In fact, data collection and communication rely on routes computation and optimization on network topologies represented by graphs and Linked Data processing relies on graph algorithms that aim to compare search or mine complex structured data.
In this thesis, we focus on big graph data by exploring the properties and parameters of these graphs that can be used to simplify their processing. To do so, we rely on a three layer framework based on graph substructures. In this framework, we aim to simplify graph processing algorithms so as they can be executed on single machines in acceptable times using the following three layers to design the algorithms:
Layer 1: Graph specific representations. How to represent efficiently large graphs so as to retain their properties and minimize the amount of memory required for their storage? The representation is mainly based on graph substructures.

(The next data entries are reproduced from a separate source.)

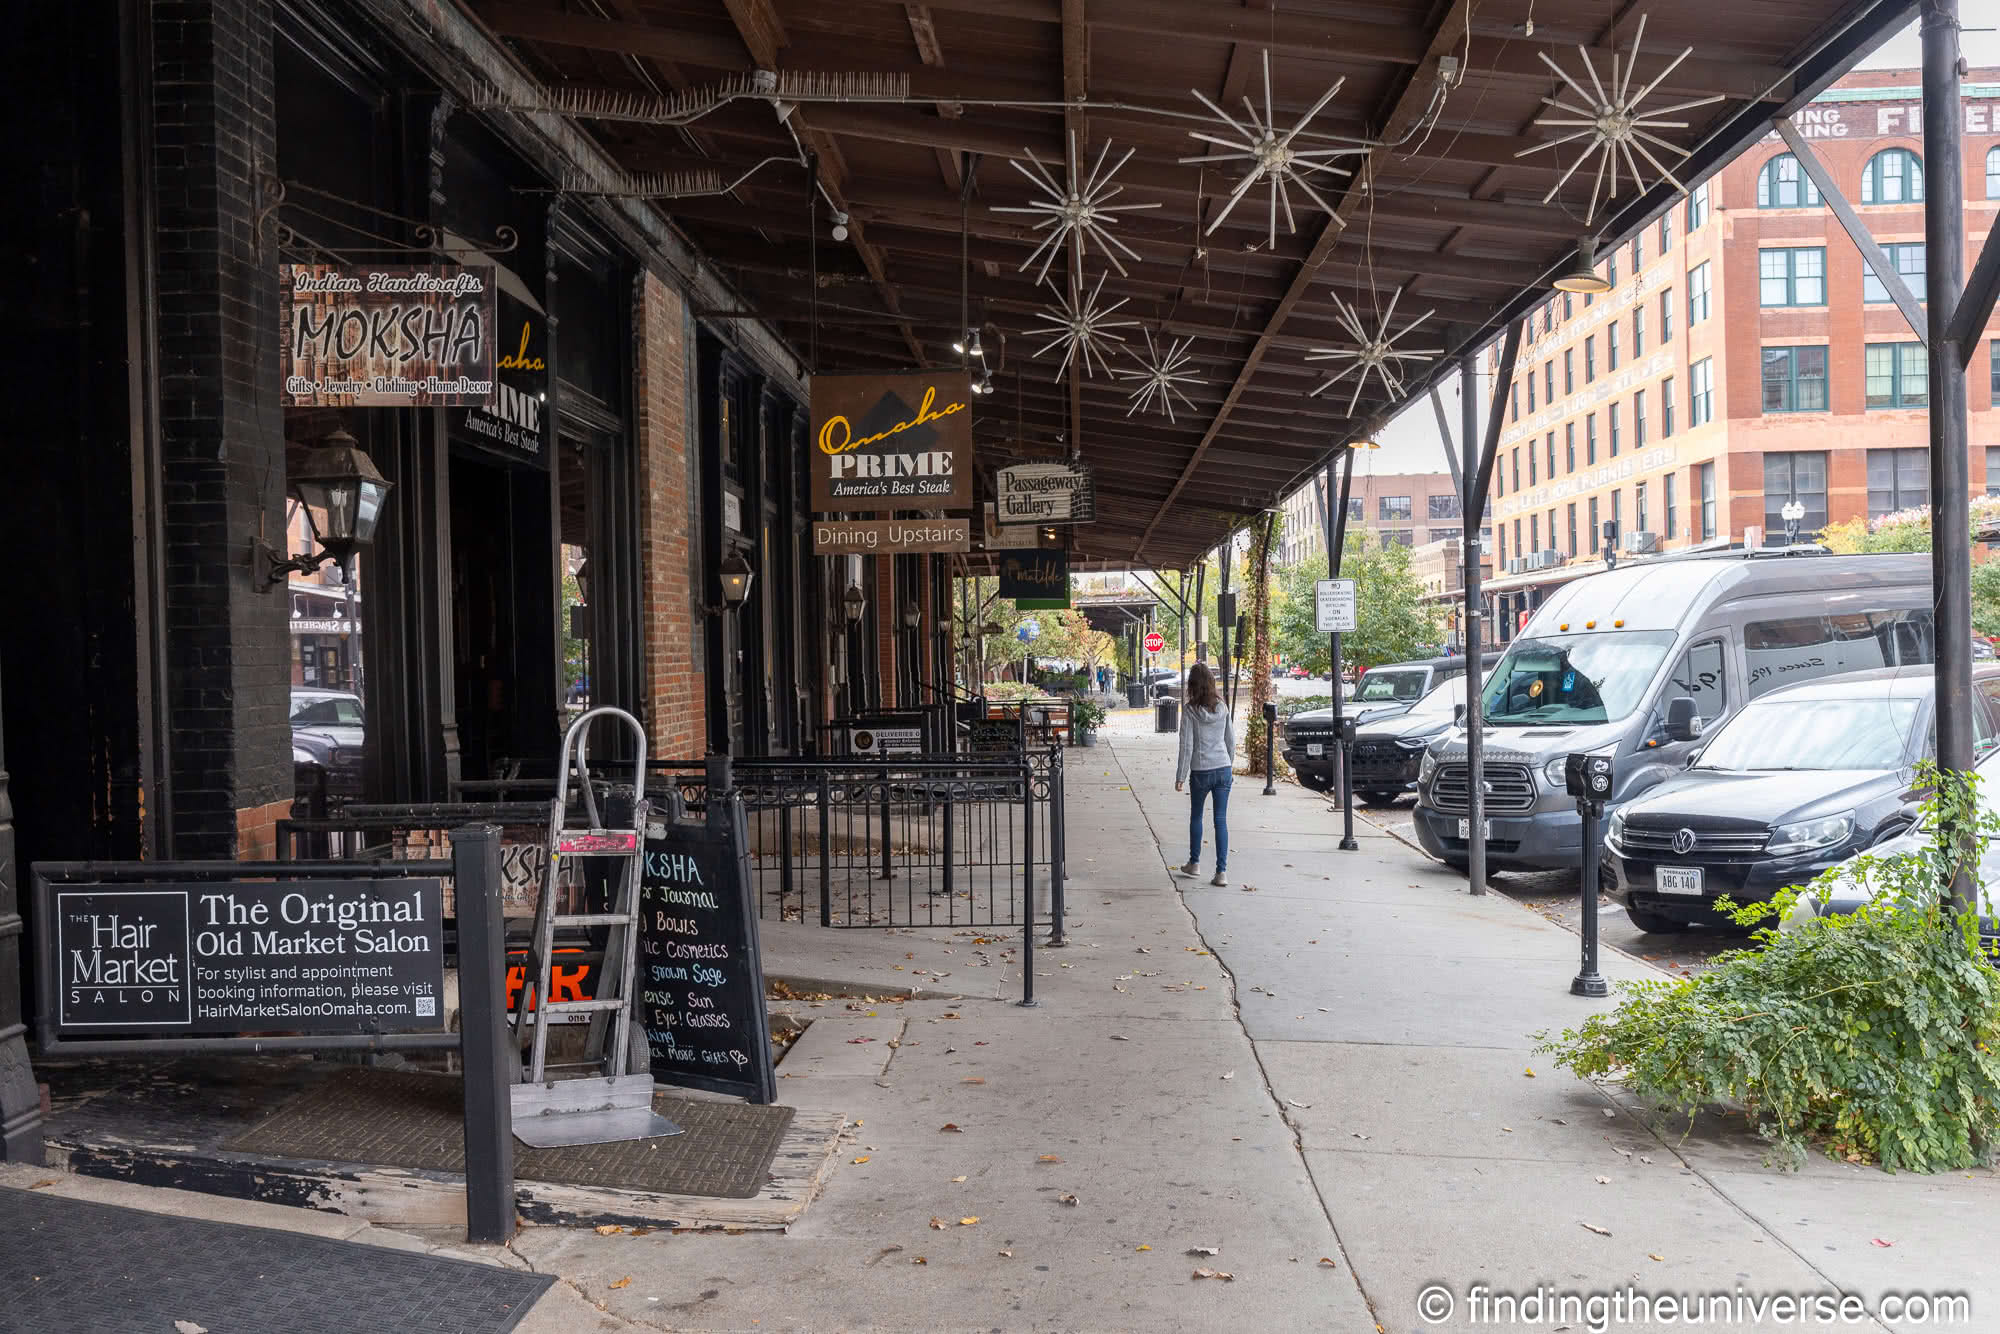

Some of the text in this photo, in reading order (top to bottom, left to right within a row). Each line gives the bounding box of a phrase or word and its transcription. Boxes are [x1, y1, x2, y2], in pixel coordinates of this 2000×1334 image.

[1788, 109, 1841, 124] ING
[295, 272, 483, 296] Indian Handicrafts
[296, 303, 483, 366] MOKSHA
[496, 321, 544, 370] aha
[286, 376, 493, 395] Gifts Jewelry Clothing Home Decor
[465, 408, 539, 454] America's Best Steak
[818, 386, 966, 455] Omaha
[829, 451, 953, 479] PRIME
[833, 480, 951, 496] America's Best Steak
[1005, 471, 1085, 495] Passageway
[1005, 495, 1056, 517] Gallery
[817, 525, 964, 547] Dining Upstairs
[1145, 637, 1163, 647] STOP
[645, 849, 704, 886] KSHA
[1663, 875, 1696, 890] ABG 140
[69, 914, 89, 922] THE
[200, 890, 425, 930] The Original
[90, 914, 158, 949] Hair
[196, 929, 430, 956] Old Market Salon
[666, 941, 729, 959] Cosmetics
[71, 949, 179, 984] Market
[197, 963, 393, 982] For stylist and appointment
[651, 963, 727, 988] grown Sage
[71, 989, 180, 1004] SALON
[198, 981, 433, 1001] booking information, please visit
[644, 990, 674, 1005] ense
[687, 992, 714, 1009] Sun
[198, 1002, 411, 1018] HairMarketSalonOmaha.com.
[568, 1014, 586, 1023] one
[701, 1049, 729, 1065] Gifts

Layer 2: Representation-oriented processing. How to adapt query processing and mainly traditional graph algorithms such as search, compare and mine on these representations or to their properties?
Layer 3: Representation-inferring. Do these graph representations highlight new properties on which we can rely to achieve more performance?
As an application domain, we intend to work on two main kinds of large graphs:
1. Social network analysis where the end is to analyze interactions and search for communities or particular interconnections.
2. Resource discovery in large scale connected objects on the internet of thing. Here, the aim is to use linked data properties to infer routes in the labyrinth of billion connected objects.